• Problem:
Drop the pictures, then repeat every record exactly as it stands.

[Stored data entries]

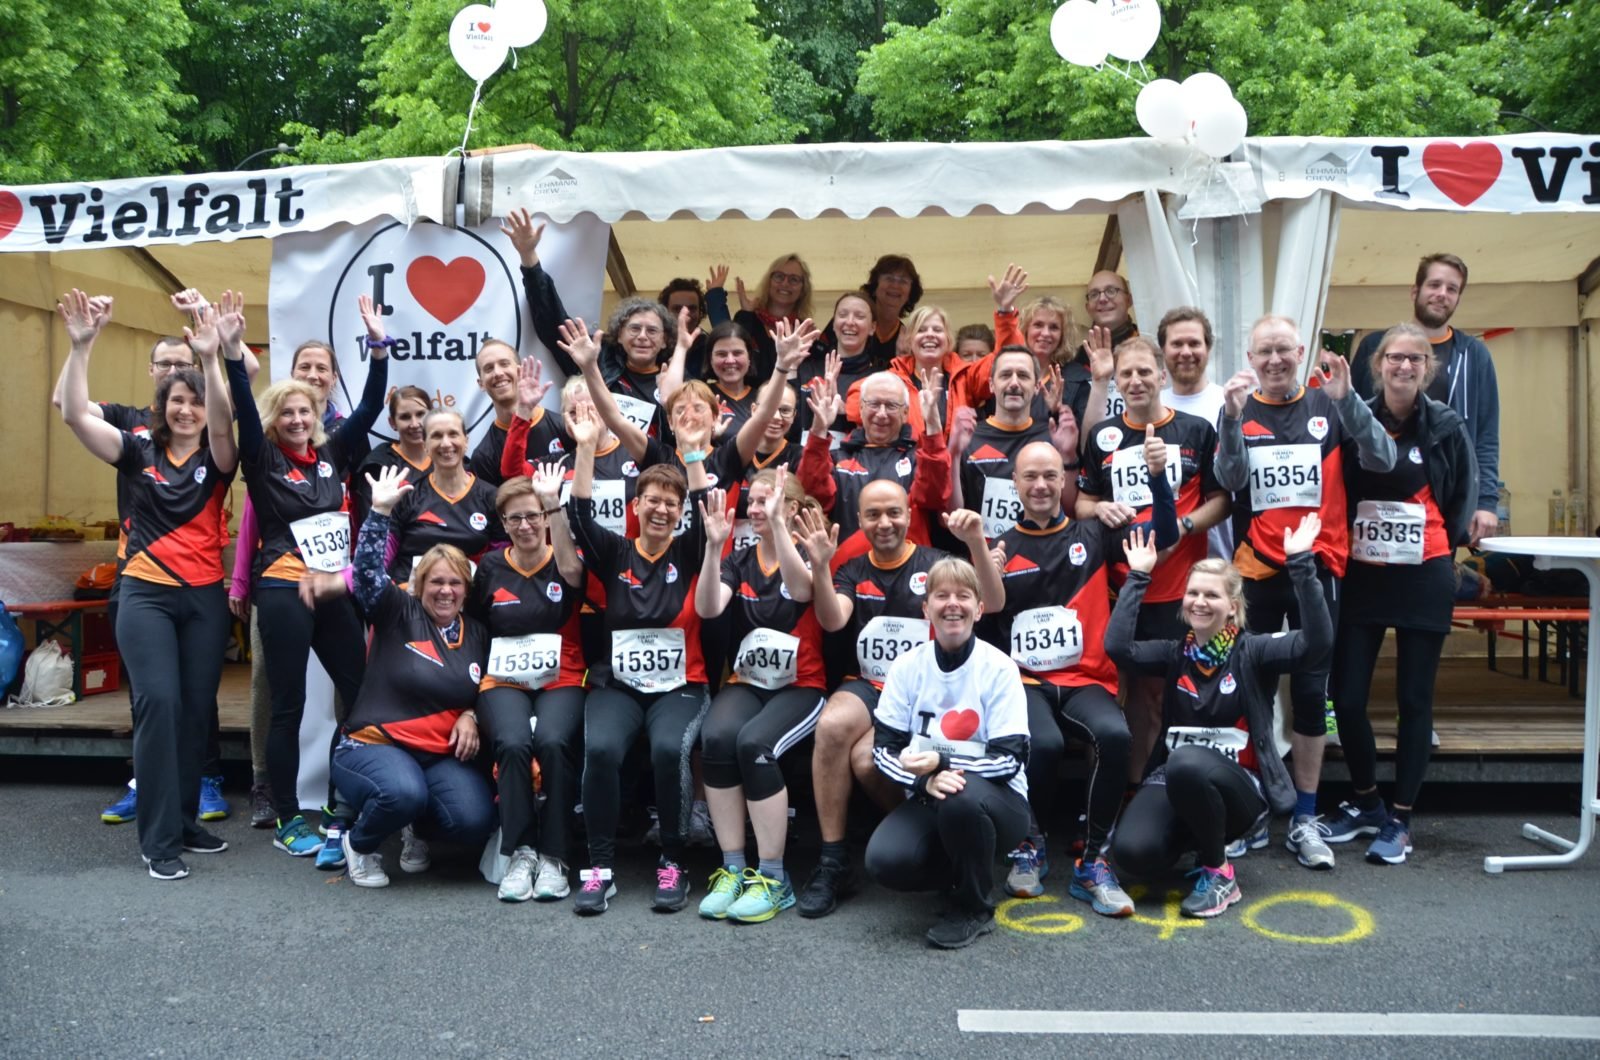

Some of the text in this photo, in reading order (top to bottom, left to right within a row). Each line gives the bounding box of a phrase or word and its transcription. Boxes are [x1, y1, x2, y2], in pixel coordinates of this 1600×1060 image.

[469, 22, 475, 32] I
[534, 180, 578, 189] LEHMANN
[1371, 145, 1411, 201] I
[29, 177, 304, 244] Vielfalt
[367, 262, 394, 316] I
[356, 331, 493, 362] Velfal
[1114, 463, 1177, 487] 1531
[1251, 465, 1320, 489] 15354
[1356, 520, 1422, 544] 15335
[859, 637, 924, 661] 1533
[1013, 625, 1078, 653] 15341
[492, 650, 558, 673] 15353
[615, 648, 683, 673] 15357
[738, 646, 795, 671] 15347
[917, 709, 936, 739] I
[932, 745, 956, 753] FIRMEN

• Answer space:
Some of the text in this photo, in reading order (top to bottom, left to right within a row). Each line gives the bounding box of a phrase or word and its transcription. Boxes are [x1, y1, x2, y2], in pixel coordinates of this 1600×1060 image.

[469, 22, 475, 32] I
[534, 180, 578, 189] LEHMANN
[1371, 145, 1411, 201] I
[29, 177, 304, 244] Vielfalt
[367, 262, 394, 316] I
[356, 331, 493, 362] Velfal
[1114, 463, 1177, 487] 1531
[1251, 465, 1320, 489] 15354
[1356, 520, 1422, 544] 15335
[859, 637, 924, 661] 1533
[1013, 625, 1078, 653] 15341
[492, 650, 558, 673] 15353
[615, 648, 683, 673] 15357
[738, 646, 795, 671] 15347
[917, 709, 936, 739] I
[932, 745, 956, 753] FIRMEN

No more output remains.